There is a lot in there about revelation and gradual self understanding and acceptance that is illustrated in a way that I think is much more accessible, through following Marguerite's story, how she changes, and the decisions she makes, than just being told that this process happens and is important. It is a very nice example of the power of showing, rather than telling.

On the theme of education however, something that did jar uncomfortably was in the back pages, designed as a sort of simple informational fact file on autism. It read oddly to me, changing between first and third person. After such an intimate, humane, and personal story, putting information about autism in the third person, describing us as an ‘other’—“they tend to prefer rituals,” “they might be clumsy,” felt really quite uncomfortable. Moreover, while on the whole the information was reasonably good, it still felt somewhat unfounded and unhelpfully generalised in some of its assertions, such as the claim that “non-autistic people recharge in the company of others” and autistic people the opposite, or “they have few prejudices and are less likely to judge others.”

I felt that it was a shame that the back section did not instead focus more on differences in communication (and perhaps ‘culture’) between autistic and non-autistic people, and the impact of having a minority or, as Dachez might put it, “deviant” experience compared to the majority. It felt like a shame and rather a surprise that the book should end on such an ‘othering’ experience and go back, however slightly, to some of the tired tropes and generalisations (“condition,” “symptoms”... though maybe there is a translation issue also at play here). Perhaps on its own I would’ve been less critical of this section, but the quality and thoughtfulness of the story greatly raised the bar for what I was expecting.

That said, the final section did also contain a very direct and critical section on France’s problematic psychoanalytic approaches to autism, stating it is “40 years behind when it comes to autism,” and perhaps in this context one can forgive a little the shortcomings of the final section. There was also a very generous and excellent list of resources for further reading, with a range of autistic voices represented, in a range of media, so perhaps keen readers will seek out further challenging and diverse perspectives and ideas.

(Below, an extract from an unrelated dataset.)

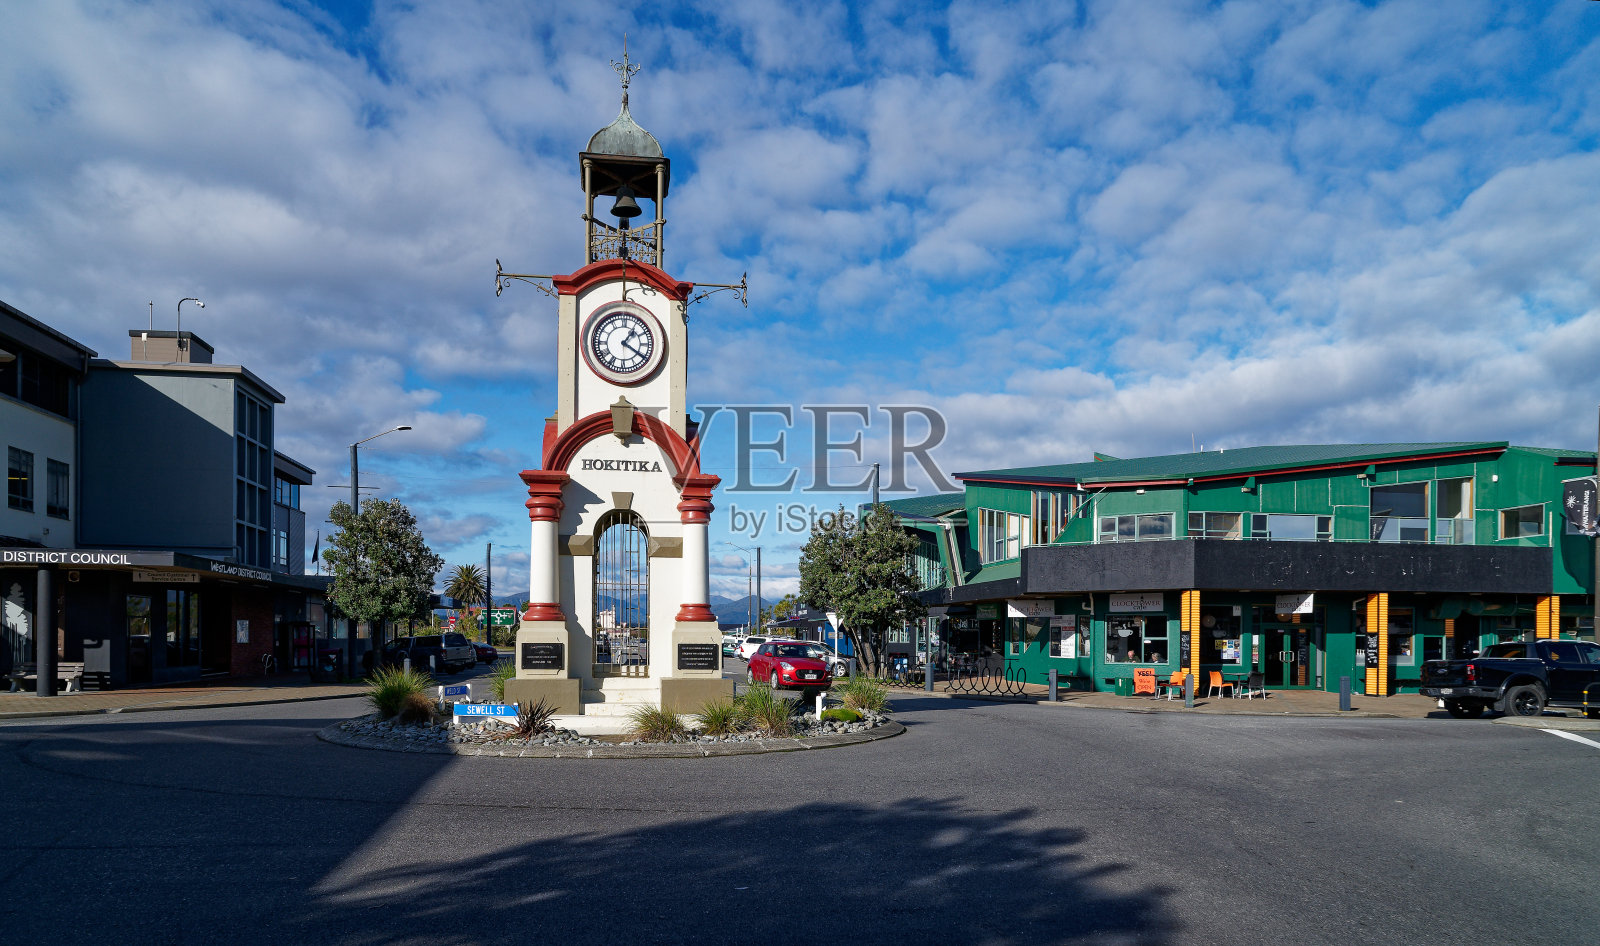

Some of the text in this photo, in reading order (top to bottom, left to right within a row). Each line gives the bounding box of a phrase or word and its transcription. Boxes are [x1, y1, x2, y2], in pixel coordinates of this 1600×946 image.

But maybe it is best that we focus back on the main story, which after all is the main reason that readers might pick up this book. As the narrative takes us through Marguerite's diagnosis process, and her discovery of autistic community, we hear accounts from a range of autistic people she meets (which read like quotations, so I assume they may be from real people) hinting at a broader range of experiences and stories than we are presented with through Marguerite—something that hints towards a real sense of community and culture. She goes further, however: Marguerite's realisation doesn’t just bring her into a community of autistic people, it brings her into a much broader community of neurodivergence and celebration of diversity—there is so much solidarity in the experience of difference, and realising that we may all have (often invisible) differences from the majority can be so important, and feels like the most valuable message for the book to leave us with. As Dachez writes on the cover page:
“By embracing your truest self, making peace with your uniqueness, you become an example to follow. You thus have the power to shatter the normative shackles that hold us all back and keep us from living together in mutual respect and acceptance. Your difference isn’t part of the problem, it’s part of the solution. It is a cure for our society, a society obsessed with normality.”